A Facebook spokesperson said the company was “still fine tuning” the policy and how it would work in the UK.

The decision follows months of pressure over the spread of misinformation on Facebook.

And Mr Zuckerberg said it wanted “to make sure the communities people connect with are healthy and positive”.

“There are also a lot of groups that we may not want to encourage people to join, even if they don’t violate our policies,” he said.

“Now, we plan to keep civic and political groups out of recommendations for the long term.”

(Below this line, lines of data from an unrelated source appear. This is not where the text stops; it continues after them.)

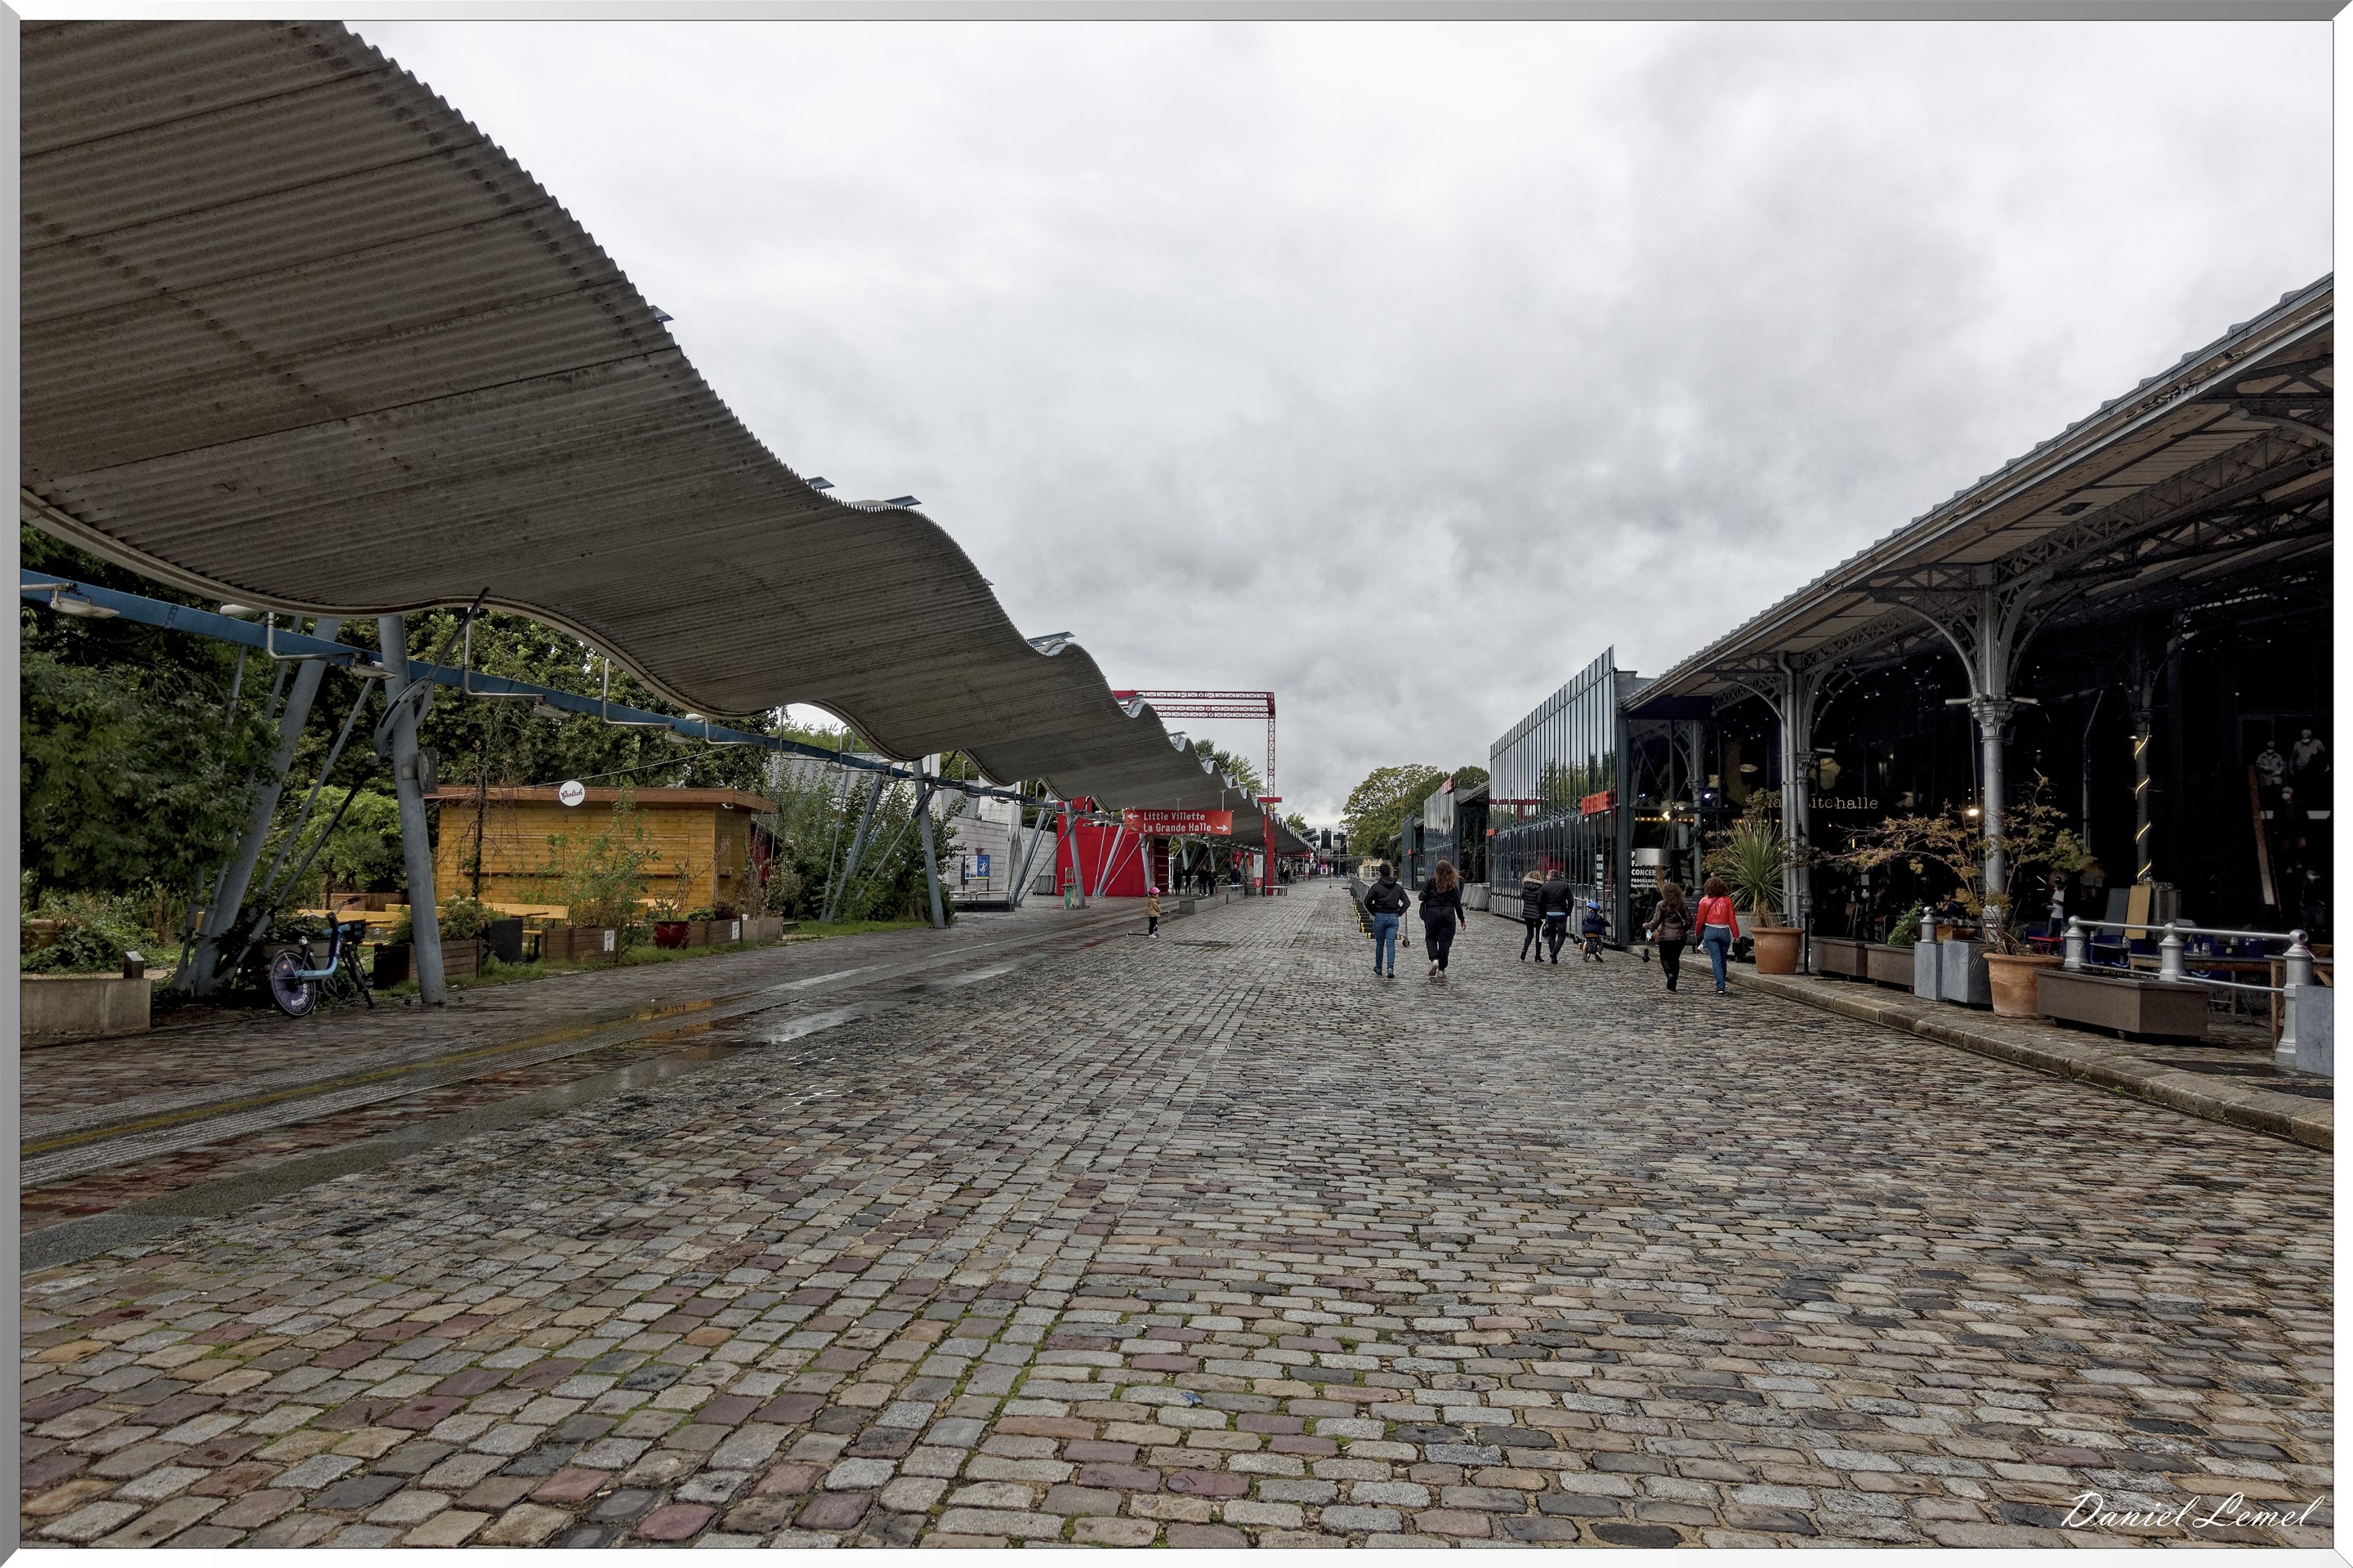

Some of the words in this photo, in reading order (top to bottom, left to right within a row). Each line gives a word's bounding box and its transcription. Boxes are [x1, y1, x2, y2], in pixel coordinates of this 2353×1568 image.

[560, 788, 583, 799] Grolsch
[1835, 797, 1878, 809] halle
[1144, 811, 1169, 820] Little
[1171, 811, 1205, 820] Villette
[1144, 824, 1153, 832] La
[1155, 824, 1186, 832] Grande
[1188, 823, 1212, 832] Halle
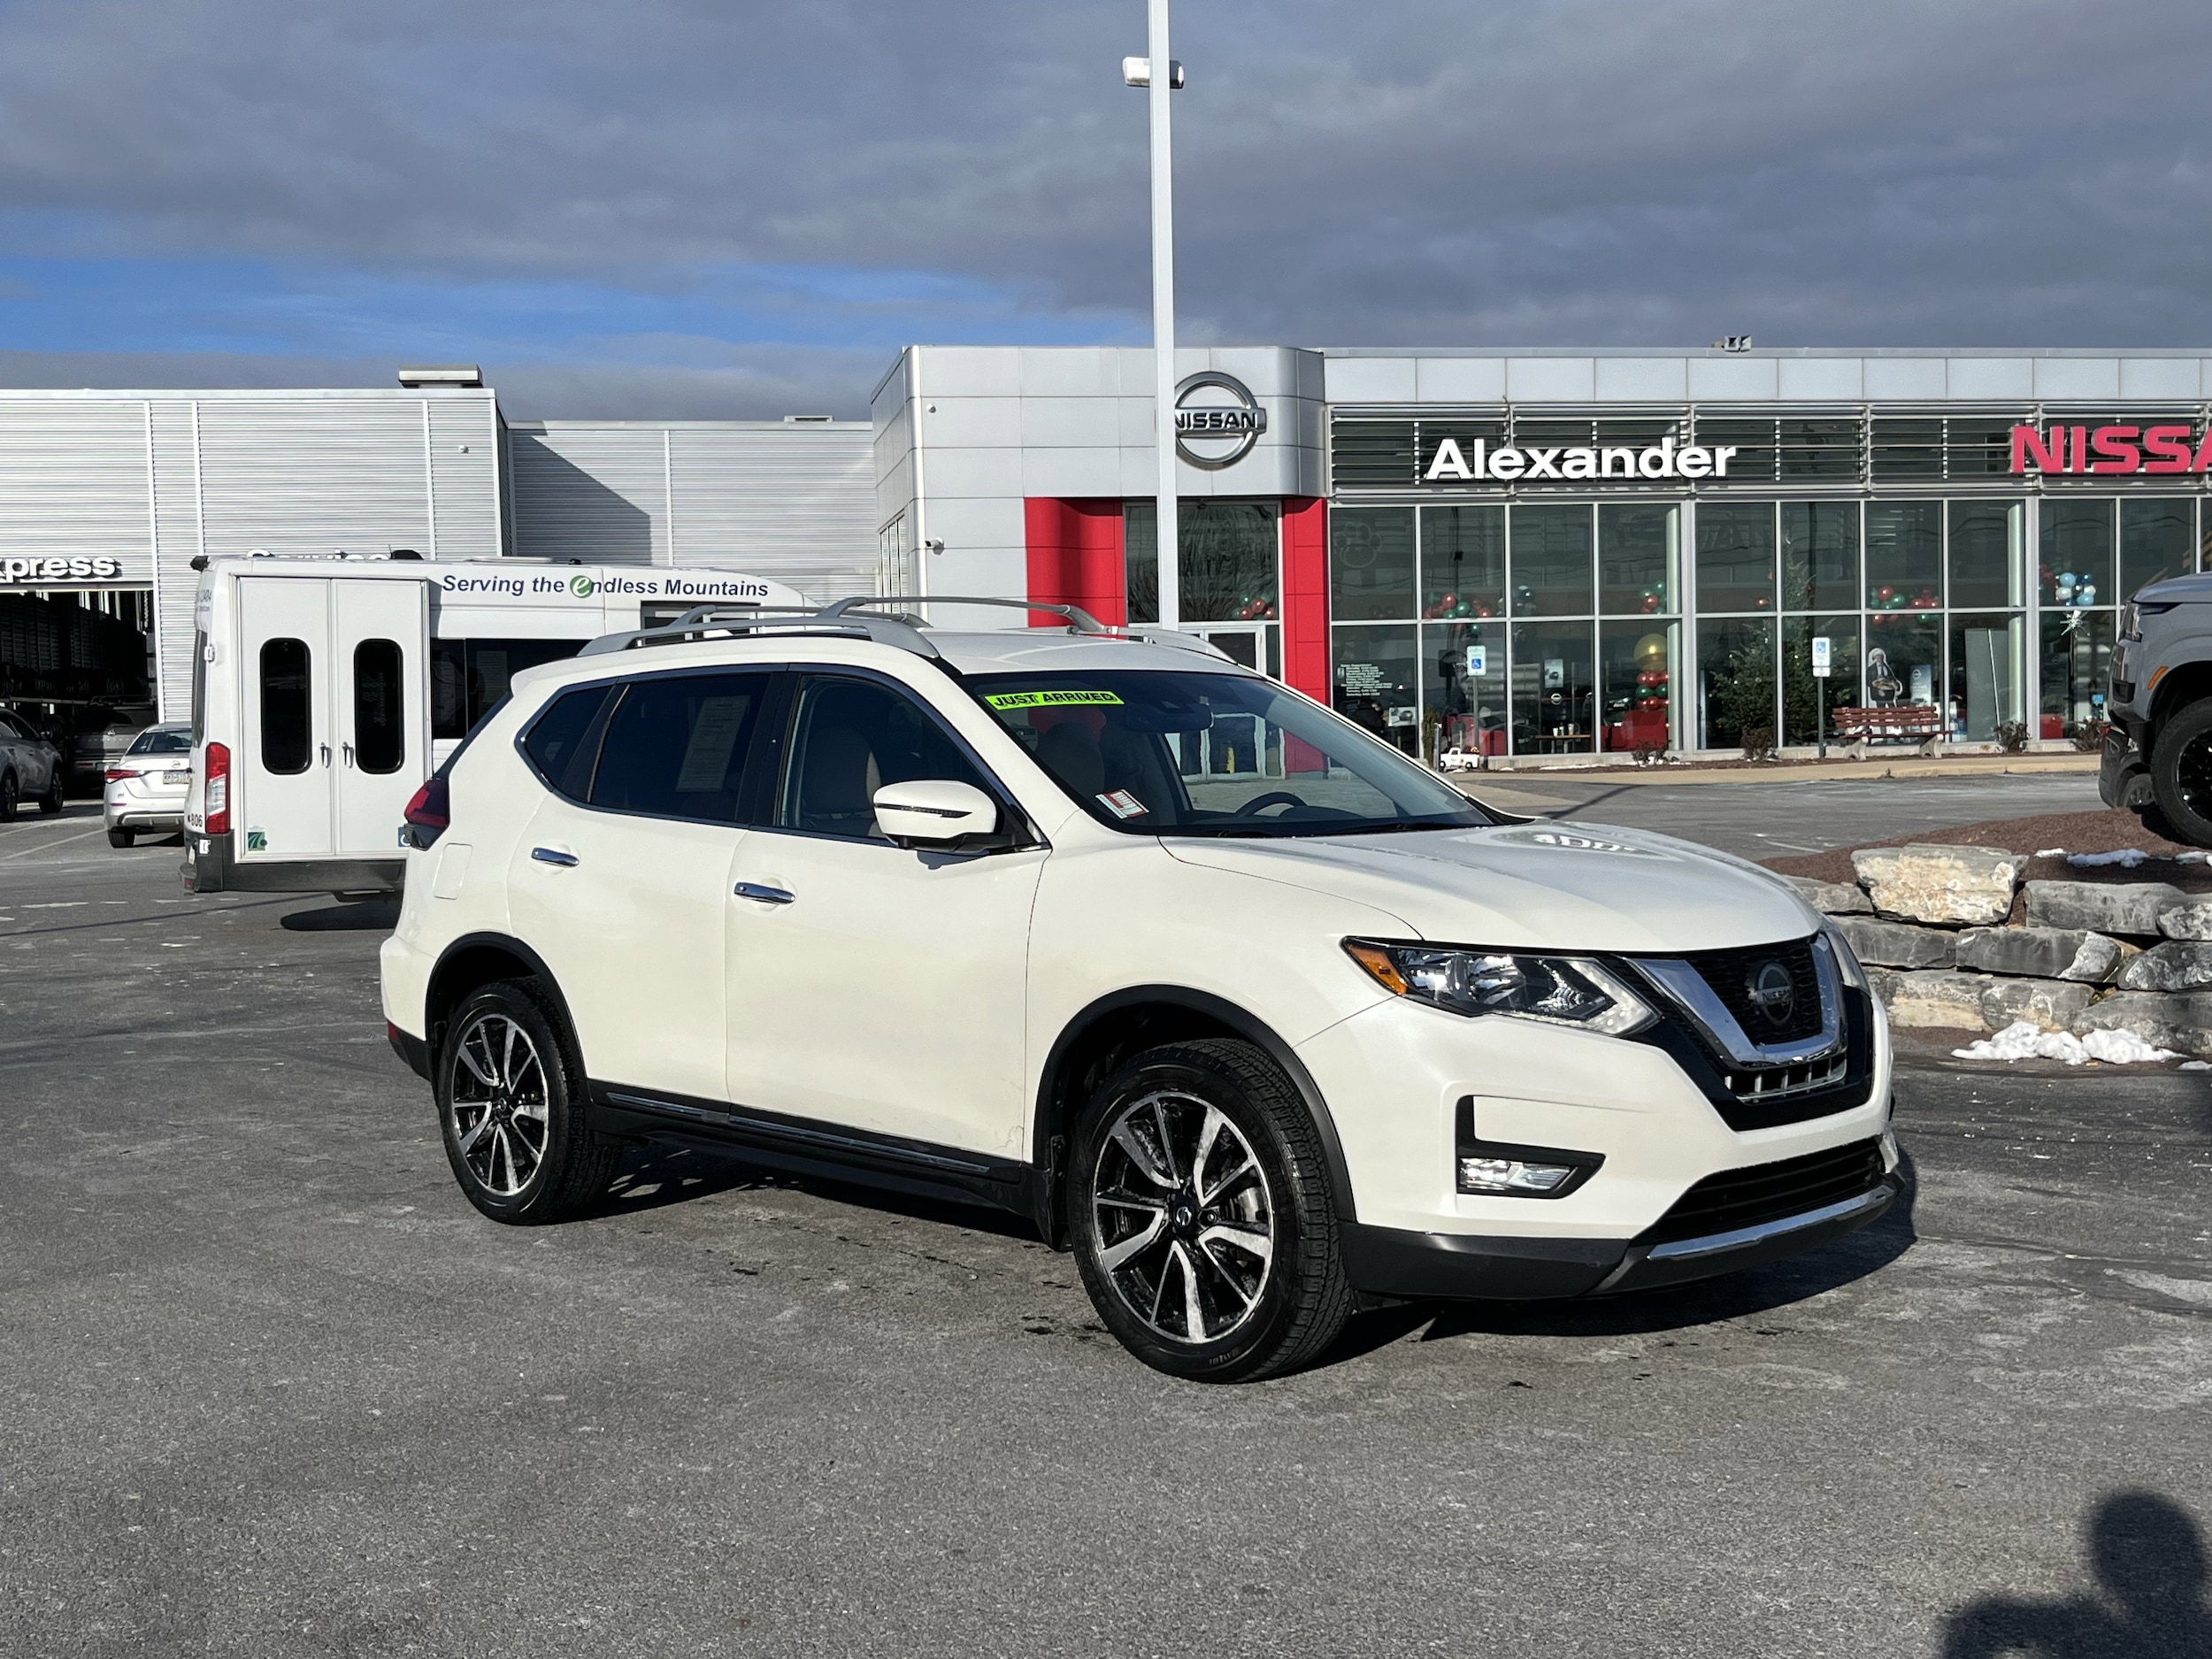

This was “a continuation of work we’ve been doing for a while to turn down the temperature and discourage divisive conversations and communities”, Mr Zuckerberg said.

Facebook groups are often used for legitimate community organising and grassroots campaigns, however, something Mr Zuckerberg “want[s] to be able to keep happening”.

“But one of the top pieces of feedback we’re hearing from our community right now is that people don’t want politics and fighting to take over their experience on our services,” he added.